__Description of the task__
Retype every record exactly. Skip the images.
_ _ _ _ _
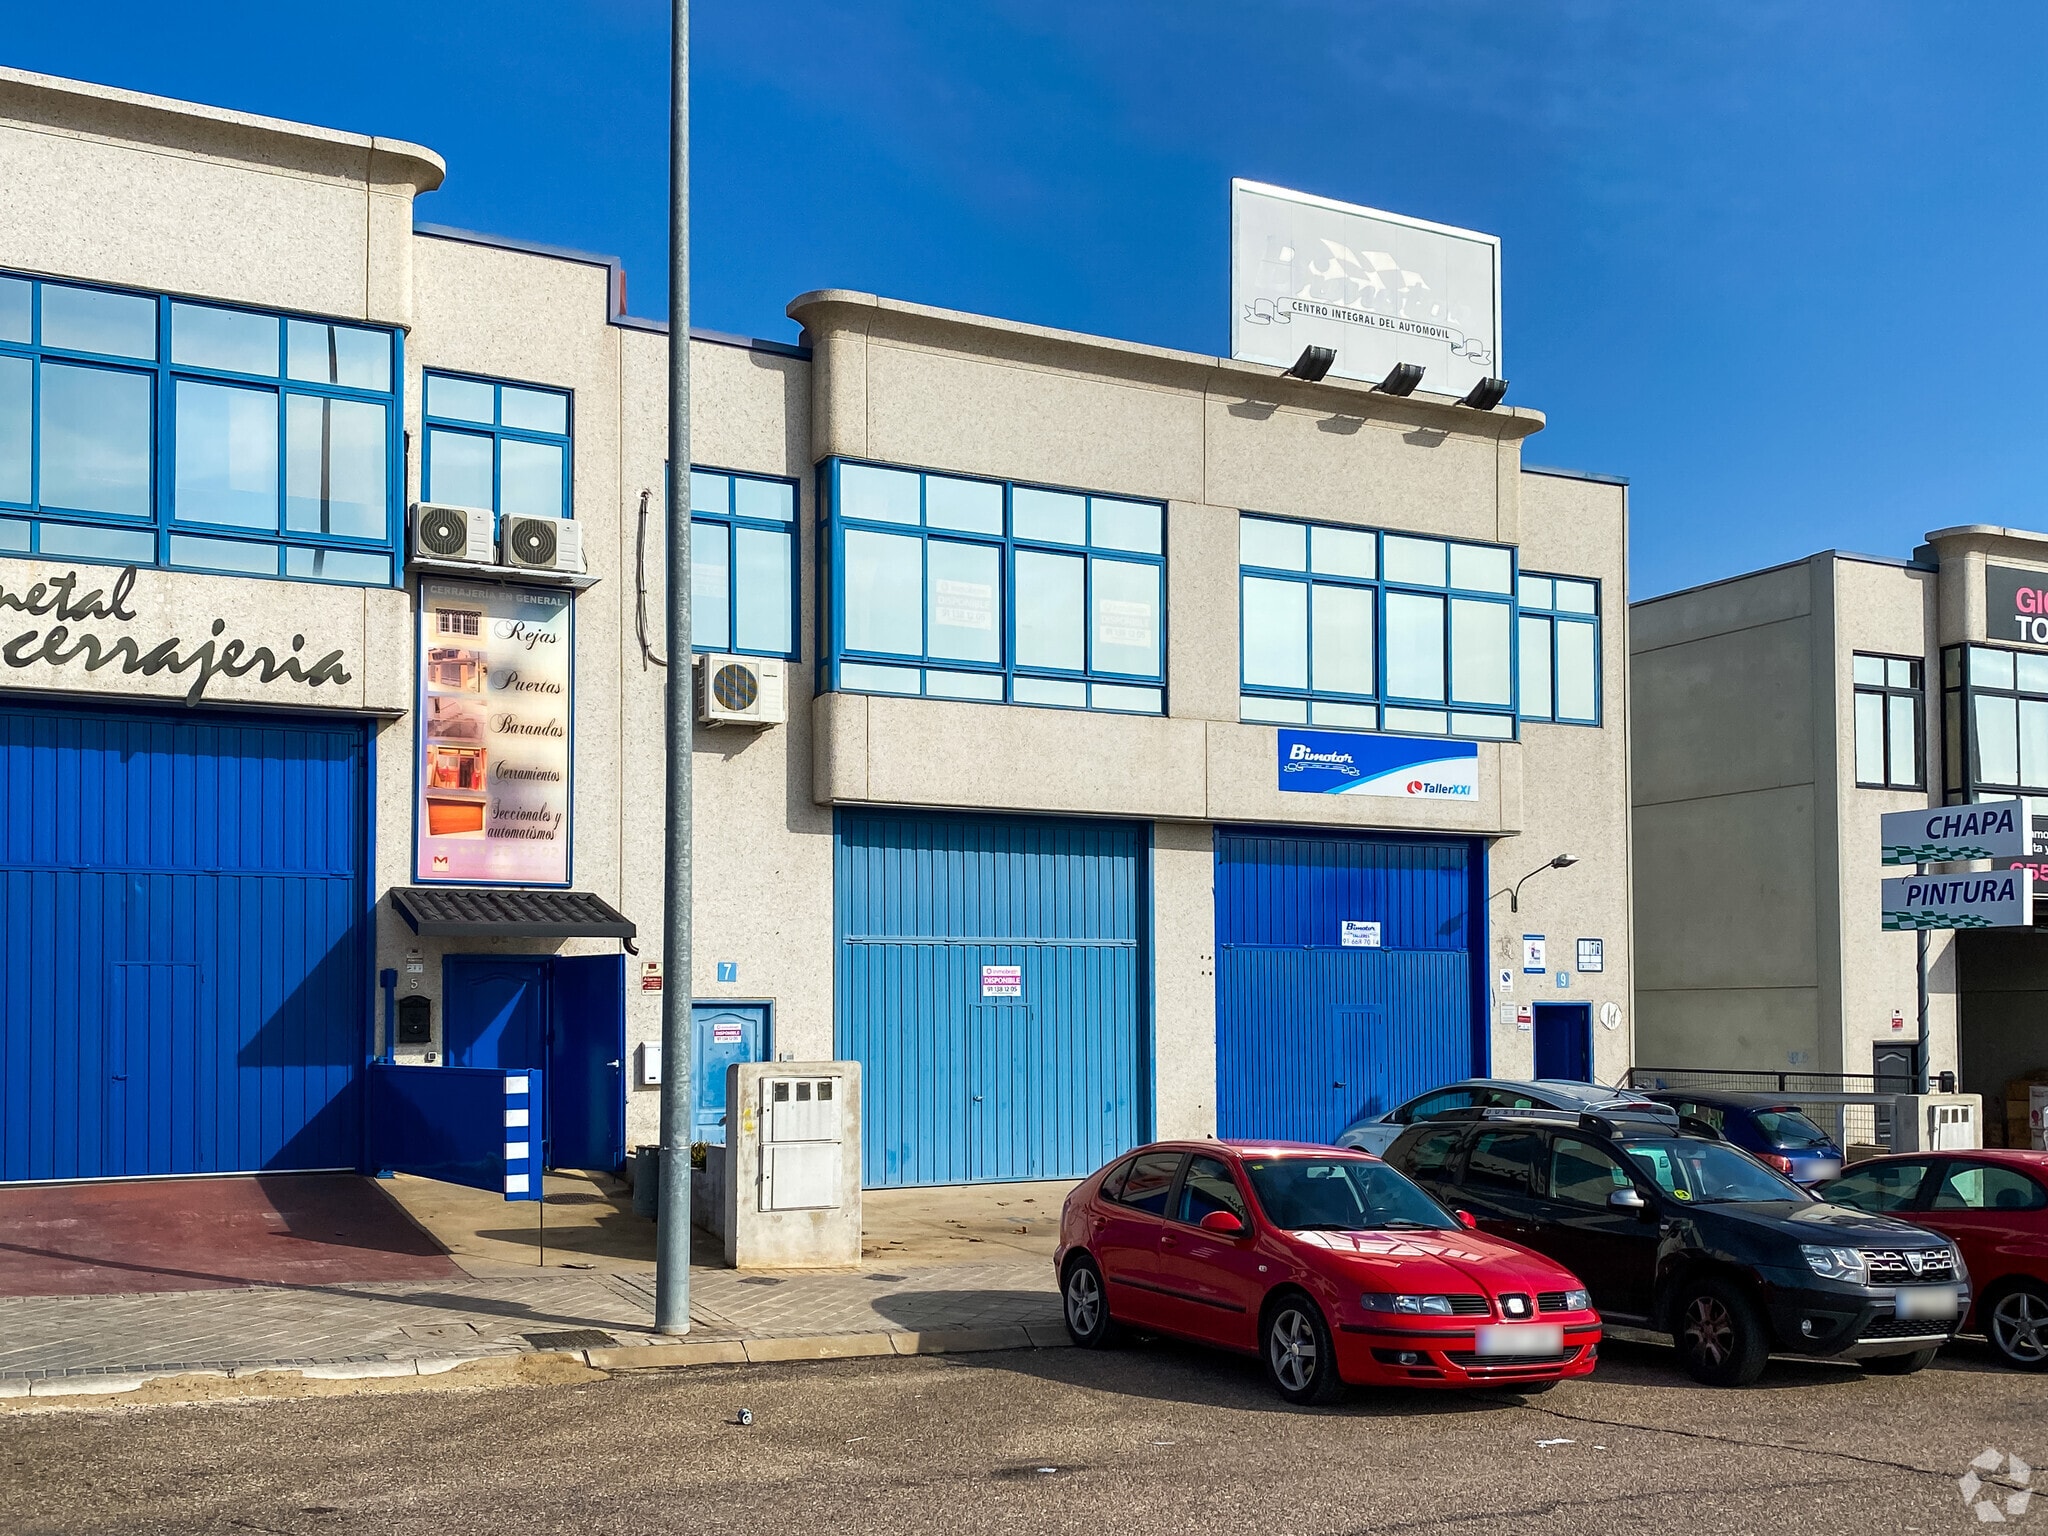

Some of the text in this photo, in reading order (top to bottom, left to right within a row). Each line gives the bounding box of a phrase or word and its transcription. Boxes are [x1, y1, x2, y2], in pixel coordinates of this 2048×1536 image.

[1292, 301, 1449, 339] CENTRO INTEGRAL DEL AUTOMOVIL
[501, 592, 513, 600] EN
[516, 594, 563, 606] GENERAL
[494, 620, 560, 650] Rejas
[2, 618, 352, 708] cerrajeria
[490, 668, 564, 694] Puertas
[490, 713, 565, 738] Barandas
[1289, 744, 1354, 763] Bimotor
[490, 760, 561, 785] Cerramientos
[1423, 783, 1471, 796] TallerXXI
[491, 798, 561, 830] Seccionales y
[1926, 809, 2014, 840] CHAPA
[487, 826, 555, 841] automatismos
[1906, 878, 2015, 907] PINTURA
[411, 978, 418, 989] 5
[723, 964, 732, 980] 7
[1560, 973, 1566, 987] 9
[1486, 1108, 1535, 1116] DUSTER
_ _ _ _ _
__Answer for this exercise__
Some of the text in this photo, in reading order (top to bottom, left to right within a row). Each line gives the bounding box of a phrase or word and its transcription. Boxes are [x1, y1, x2, y2], in pixel coordinates of this 2048×1536 image.

[1292, 301, 1449, 339] CENTRO INTEGRAL DEL AUTOMOVIL
[501, 592, 513, 600] EN
[516, 594, 563, 606] GENERAL
[494, 620, 560, 650] Rejas
[2, 618, 352, 708] cerrajeria
[490, 668, 564, 694] Puertas
[490, 713, 565, 738] Barandas
[1289, 744, 1354, 763] Bimotor
[490, 760, 561, 785] Cerramientos
[1423, 783, 1471, 796] TallerXXI
[491, 798, 561, 830] Seccionales y
[1926, 809, 2014, 840] CHAPA
[487, 826, 555, 841] automatismos
[1906, 878, 2015, 907] PINTURA
[411, 978, 418, 989] 5
[723, 964, 732, 980] 7
[1560, 973, 1566, 987] 9
[1486, 1108, 1535, 1116] DUSTER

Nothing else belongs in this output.